== Description of the task ==
The response should consist of the records, reproduced exactly.
::: Data provided :::
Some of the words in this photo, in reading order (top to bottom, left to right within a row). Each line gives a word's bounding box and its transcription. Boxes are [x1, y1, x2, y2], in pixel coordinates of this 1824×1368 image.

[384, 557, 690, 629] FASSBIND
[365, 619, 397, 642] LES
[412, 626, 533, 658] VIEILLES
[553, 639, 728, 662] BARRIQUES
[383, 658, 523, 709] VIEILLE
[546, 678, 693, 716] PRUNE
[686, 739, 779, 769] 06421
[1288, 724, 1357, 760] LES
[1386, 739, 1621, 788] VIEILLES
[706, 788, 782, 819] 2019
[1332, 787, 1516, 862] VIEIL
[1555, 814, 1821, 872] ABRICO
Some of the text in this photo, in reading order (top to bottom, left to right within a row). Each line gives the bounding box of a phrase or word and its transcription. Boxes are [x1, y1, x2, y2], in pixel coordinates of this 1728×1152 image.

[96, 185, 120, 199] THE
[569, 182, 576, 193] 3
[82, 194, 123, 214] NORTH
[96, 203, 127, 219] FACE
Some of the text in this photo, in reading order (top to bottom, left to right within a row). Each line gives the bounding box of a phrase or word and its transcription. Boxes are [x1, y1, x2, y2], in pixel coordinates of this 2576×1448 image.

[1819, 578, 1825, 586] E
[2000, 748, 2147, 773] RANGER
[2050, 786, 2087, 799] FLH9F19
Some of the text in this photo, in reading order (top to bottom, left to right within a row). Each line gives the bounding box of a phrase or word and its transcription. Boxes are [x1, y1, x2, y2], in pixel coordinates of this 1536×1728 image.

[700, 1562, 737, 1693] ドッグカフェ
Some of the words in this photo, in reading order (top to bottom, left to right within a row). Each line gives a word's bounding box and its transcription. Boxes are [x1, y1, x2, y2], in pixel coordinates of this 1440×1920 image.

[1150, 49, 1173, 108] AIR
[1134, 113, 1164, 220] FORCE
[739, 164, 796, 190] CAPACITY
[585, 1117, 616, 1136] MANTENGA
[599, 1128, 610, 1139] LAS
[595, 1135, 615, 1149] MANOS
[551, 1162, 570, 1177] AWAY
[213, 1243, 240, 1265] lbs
:::
== Output for this exercise ==
Some of the words in this photo, in reading order (top to bottom, left to right within a row). Each line gives a word's bounding box and its transcription. Boxes are [x1, y1, x2, y2], in pixel coordinates of this 1824×1368 image.

[384, 557, 690, 629] FASSBIND
[365, 619, 397, 642] LES
[412, 626, 533, 658] VIEILLES
[553, 639, 728, 662] BARRIQUES
[383, 658, 523, 709] VIEILLE
[546, 678, 693, 716] PRUNE
[686, 739, 779, 769] 06421
[1288, 724, 1357, 760] LES
[1386, 739, 1621, 788] VIEILLES
[706, 788, 782, 819] 2019
[1332, 787, 1516, 862] VIEIL
[1555, 814, 1821, 872] ABRICO
Some of the text in this photo, in reading order (top to bottom, left to right within a row). Each line gives the bounding box of a phrase or word and its transcription. Boxes are [x1, y1, x2, y2], in pixel coordinates of this 1728×1152 image.

[96, 185, 120, 199] THE
[569, 182, 576, 193] 3
[82, 194, 123, 214] NORTH
[96, 203, 127, 219] FACE
Some of the text in this photo, in reading order (top to bottom, left to right within a row). Each line gives the bounding box of a phrase or word and its transcription. Boxes are [x1, y1, x2, y2], in pixel coordinates of this 2576×1448 image.

[1819, 578, 1825, 586] E
[2000, 748, 2147, 773] RANGER
[2050, 786, 2087, 799] FLH9F19
Some of the text in this photo, in reading order (top to bottom, left to right within a row). Each line gives the bounding box of a phrase or word and its transcription. Boxes are [x1, y1, x2, y2], in pixel coordinates of this 1536×1728 image.

[700, 1562, 737, 1693] ドッグカフェ
Some of the words in this photo, in reading order (top to bottom, left to right within a row). Each line gives a word's bounding box and its transcription. Boxes are [x1, y1, x2, y2], in pixel coordinates of this 1440×1920 image.

[1150, 49, 1173, 108] AIR
[1134, 113, 1164, 220] FORCE
[739, 164, 796, 190] CAPACITY
[585, 1117, 616, 1136] MANTENGA
[599, 1128, 610, 1139] LAS
[595, 1135, 615, 1149] MANOS
[551, 1162, 570, 1177] AWAY
[213, 1243, 240, 1265] lbs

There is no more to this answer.